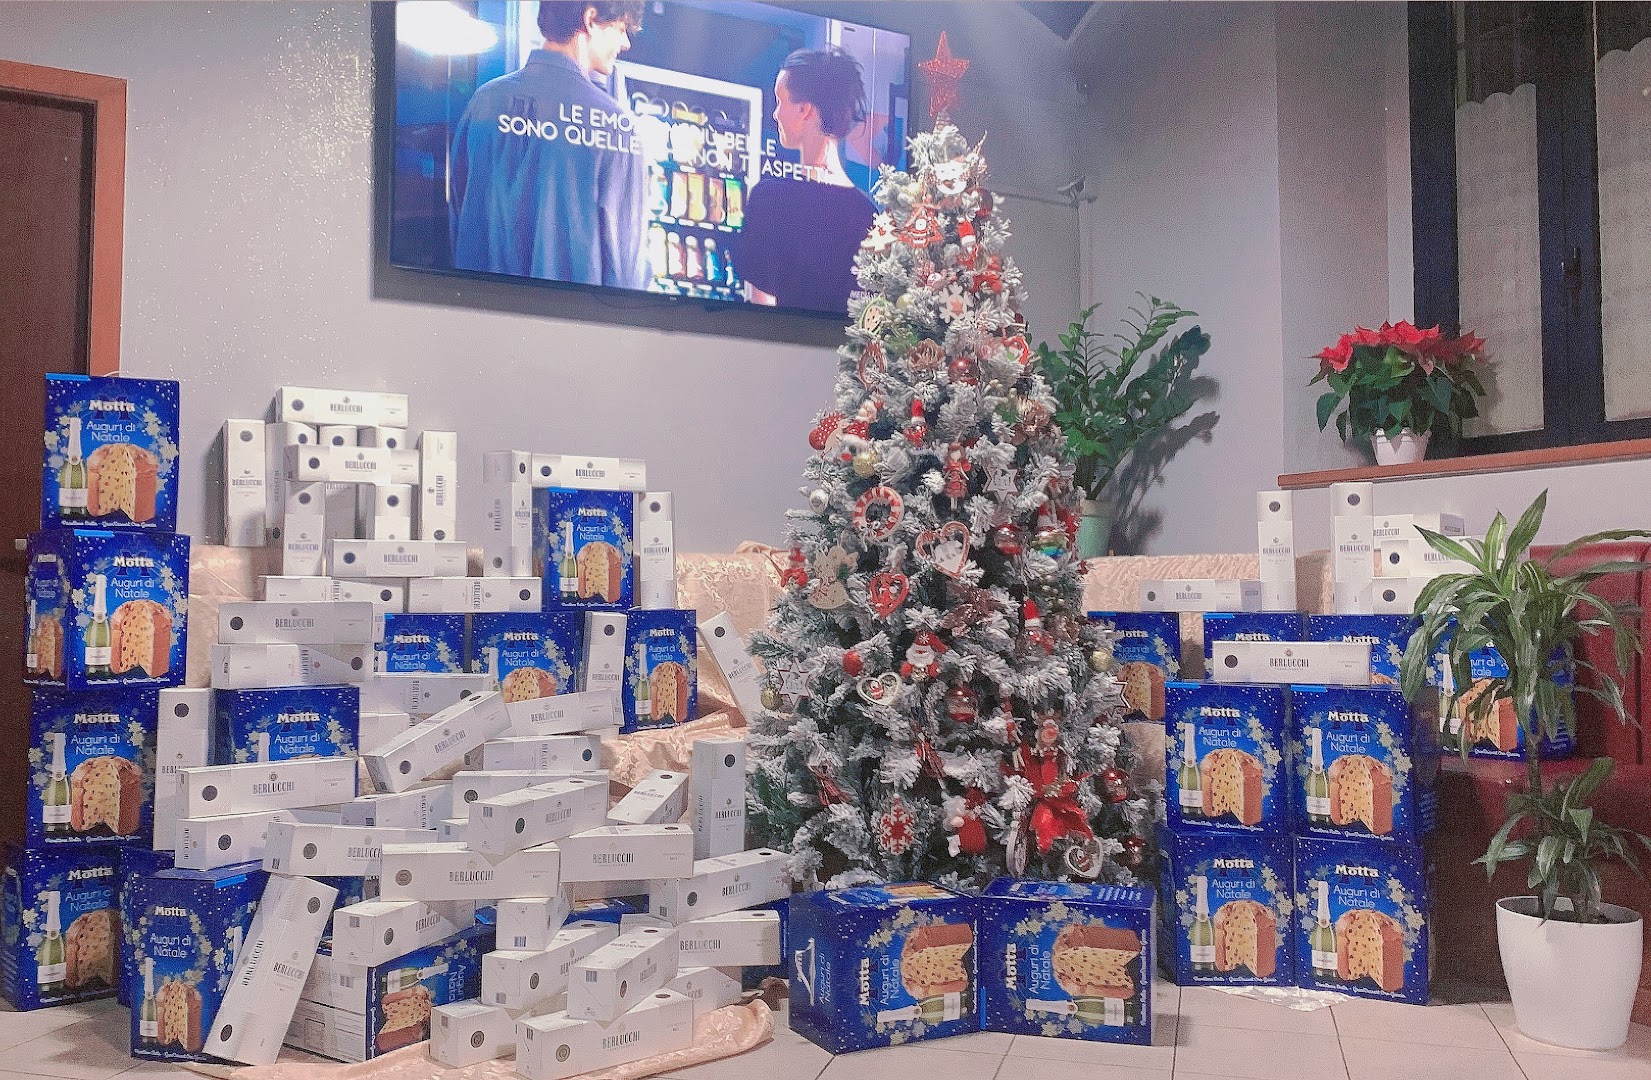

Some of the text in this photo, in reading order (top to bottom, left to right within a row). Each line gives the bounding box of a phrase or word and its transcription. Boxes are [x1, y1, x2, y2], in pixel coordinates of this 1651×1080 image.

[498, 114, 559, 141] SONO
[564, 125, 641, 155] QUELLE
[559, 103, 583, 125] LE
[725, 131, 777, 158] BEE
[89, 400, 136, 412] Motta
[330, 403, 363, 413] BERLUCCHI
[86, 421, 136, 434] Auguri di
[91, 432, 131, 442] Natale
[345, 460, 376, 470] BERLUCCHI
[578, 508, 608, 518] Motta
[576, 524, 609, 534] Auguri di
[579, 533, 605, 541] Natale
[113, 556, 154, 568] Motta
[384, 554, 418, 563] BERLUCCHI
[111, 577, 155, 591] Auguri di
[115, 588, 150, 600] Natale
[275, 619, 315, 629] BERLUCCHI
[503, 632, 539, 641] Motta
[650, 628, 675, 637] Motta
[1235, 633, 1270, 641] Motta
[393, 634, 431, 644] Motta
[1342, 635, 1381, 644] Motta
[391, 651, 431, 662] Auguri di
[502, 649, 540, 660] Auguri di
[395, 661, 427, 670] Natale
[505, 658, 535, 667] Natale
[1270, 657, 1309, 668] BERLUCCHI
[1471, 667, 1492, 677] tale
[73, 713, 120, 724] Motta
[277, 712, 320, 724] Motta
[530, 709, 564, 723] BERLUCCHI
[1200, 707, 1241, 718] Motta
[1328, 711, 1369, 723] Motta
[275, 733, 320, 745] Auguri di
[1199, 727, 1242, 739] Auguri di
[1326, 732, 1370, 743] Auguri di
[71, 735, 121, 746] Auguri di
[434, 730, 467, 754] BERLUCCHI
[1203, 737, 1237, 748] Natale
[76, 745, 115, 755] Natale
[280, 744, 316, 755] Natale
[1330, 742, 1366, 754] Natale
[253, 781, 295, 795] BERLUCCHI
[592, 852, 635, 865] BERLUCCHI
[1213, 858, 1254, 870] Motta
[68, 867, 114, 881] Motta
[449, 870, 494, 882] BERLUCCHI
[1335, 865, 1379, 878] Motta
[1212, 878, 1256, 890] Auguri di
[1216, 889, 1251, 900] Natale
[1333, 884, 1381, 898] Auguri di
[1339, 896, 1376, 909] Natale
[155, 905, 187, 917] Motta
[151, 933, 191, 947] Auguri di
[680, 939, 721, 951] BERLUCCHI
[154, 946, 187, 958] Natale
[1006, 943, 1017, 991] Motta
[1029, 944, 1039, 995] Auguri di
[1040, 950, 1051, 990] Natale
[859, 956, 870, 1007] Motta
[880, 954, 890, 1006] Auguri di
[890, 958, 900, 999] Natale
[449, 971, 457, 1000] Nata
[602, 1030, 640, 1049] BERLUCCHI
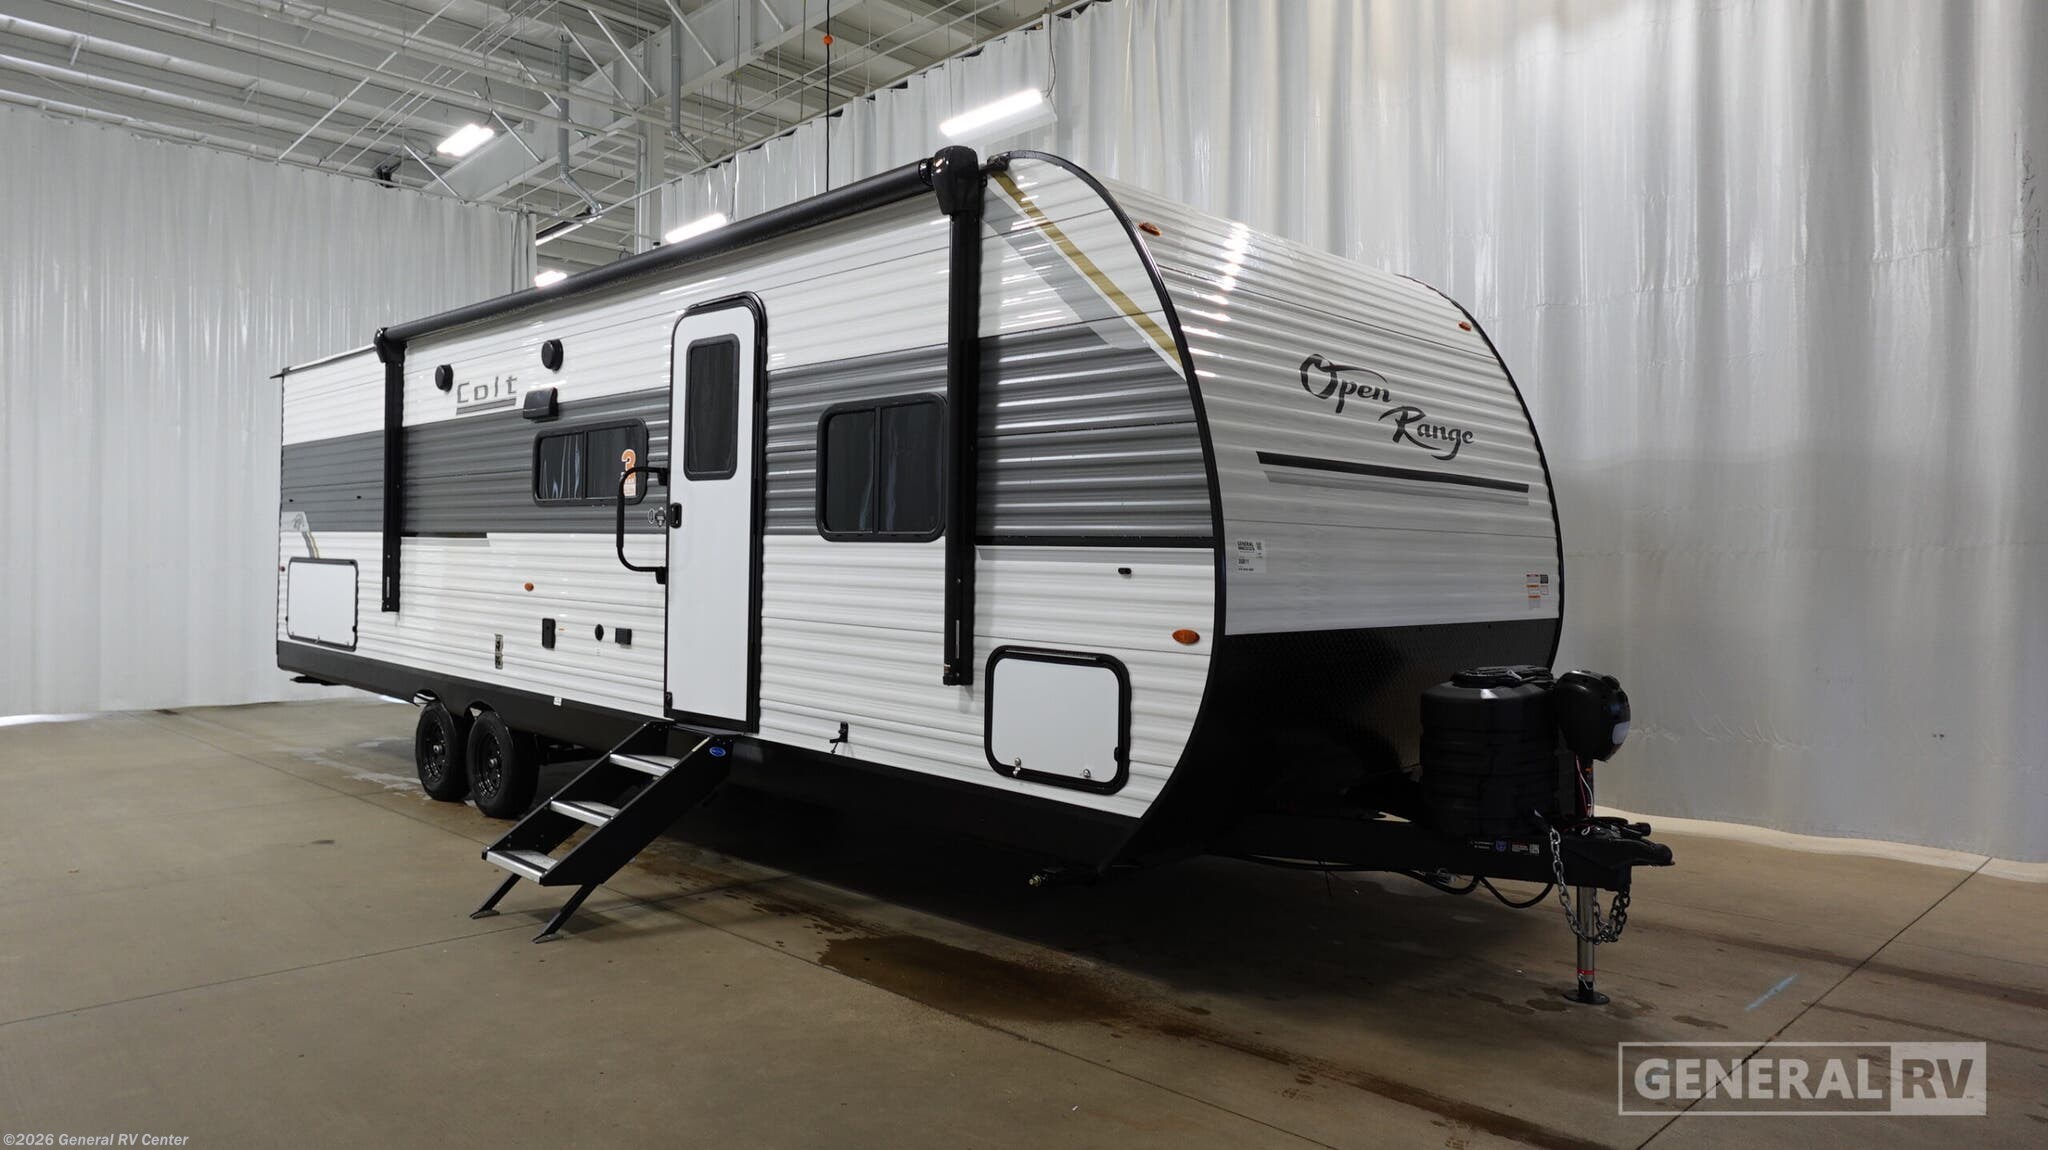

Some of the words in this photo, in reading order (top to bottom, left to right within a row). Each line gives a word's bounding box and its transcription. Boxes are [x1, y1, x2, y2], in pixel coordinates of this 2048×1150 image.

[457, 376, 517, 403] Colt
[1300, 353, 1391, 414] Open
[1378, 405, 1474, 460] Range

DIRECTIONS:
Starting with the first entry and ending with the last, reproduce the listing exactly, without its pictures.

WRITTEN SOLUTION:
Some of the text in this photo, in reading order (top to bottom, left to right within a row). Each line gives the bounding box of a phrase or word and its transcription. Boxes are [x1, y1, x2, y2], in pixel coordinates of this 1651×1080 image.

[498, 114, 559, 141] SONO
[564, 125, 641, 155] QUELLE
[559, 103, 583, 125] LE
[725, 131, 777, 158] BEE
[89, 400, 136, 412] Motta
[330, 403, 363, 413] BERLUCCHI
[86, 421, 136, 434] Auguri di
[91, 432, 131, 442] Natale
[345, 460, 376, 470] BERLUCCHI
[578, 508, 608, 518] Motta
[576, 524, 609, 534] Auguri di
[579, 533, 605, 541] Natale
[113, 556, 154, 568] Motta
[384, 554, 418, 563] BERLUCCHI
[111, 577, 155, 591] Auguri di
[115, 588, 150, 600] Natale
[275, 619, 315, 629] BERLUCCHI
[503, 632, 539, 641] Motta
[650, 628, 675, 637] Motta
[1235, 633, 1270, 641] Motta
[393, 634, 431, 644] Motta
[1342, 635, 1381, 644] Motta
[391, 651, 431, 662] Auguri di
[502, 649, 540, 660] Auguri di
[395, 661, 427, 670] Natale
[505, 658, 535, 667] Natale
[1270, 657, 1309, 668] BERLUCCHI
[1471, 667, 1492, 677] tale
[73, 713, 120, 724] Motta
[277, 712, 320, 724] Motta
[530, 709, 564, 723] BERLUCCHI
[1200, 707, 1241, 718] Motta
[1328, 711, 1369, 723] Motta
[275, 733, 320, 745] Auguri di
[1199, 727, 1242, 739] Auguri di
[1326, 732, 1370, 743] Auguri di
[71, 735, 121, 746] Auguri di
[434, 730, 467, 754] BERLUCCHI
[1203, 737, 1237, 748] Natale
[76, 745, 115, 755] Natale
[280, 744, 316, 755] Natale
[1330, 742, 1366, 754] Natale
[253, 781, 295, 795] BERLUCCHI
[592, 852, 635, 865] BERLUCCHI
[1213, 858, 1254, 870] Motta
[68, 867, 114, 881] Motta
[449, 870, 494, 882] BERLUCCHI
[1335, 865, 1379, 878] Motta
[1212, 878, 1256, 890] Auguri di
[1216, 889, 1251, 900] Natale
[1333, 884, 1381, 898] Auguri di
[1339, 896, 1376, 909] Natale
[155, 905, 187, 917] Motta
[151, 933, 191, 947] Auguri di
[680, 939, 721, 951] BERLUCCHI
[154, 946, 187, 958] Natale
[1006, 943, 1017, 991] Motta
[1029, 944, 1039, 995] Auguri di
[1040, 950, 1051, 990] Natale
[859, 956, 870, 1007] Motta
[880, 954, 890, 1006] Auguri di
[890, 958, 900, 999] Natale
[449, 971, 457, 1000] Nata
[602, 1030, 640, 1049] BERLUCCHI

Some of the words in this photo, in reading order (top to bottom, left to right within a row). Each line gives a word's bounding box and its transcription. Boxes are [x1, y1, x2, y2], in pixel coordinates of this 2048×1150 image.

[457, 376, 517, 403] Colt
[1300, 353, 1391, 414] Open
[1378, 405, 1474, 460] Range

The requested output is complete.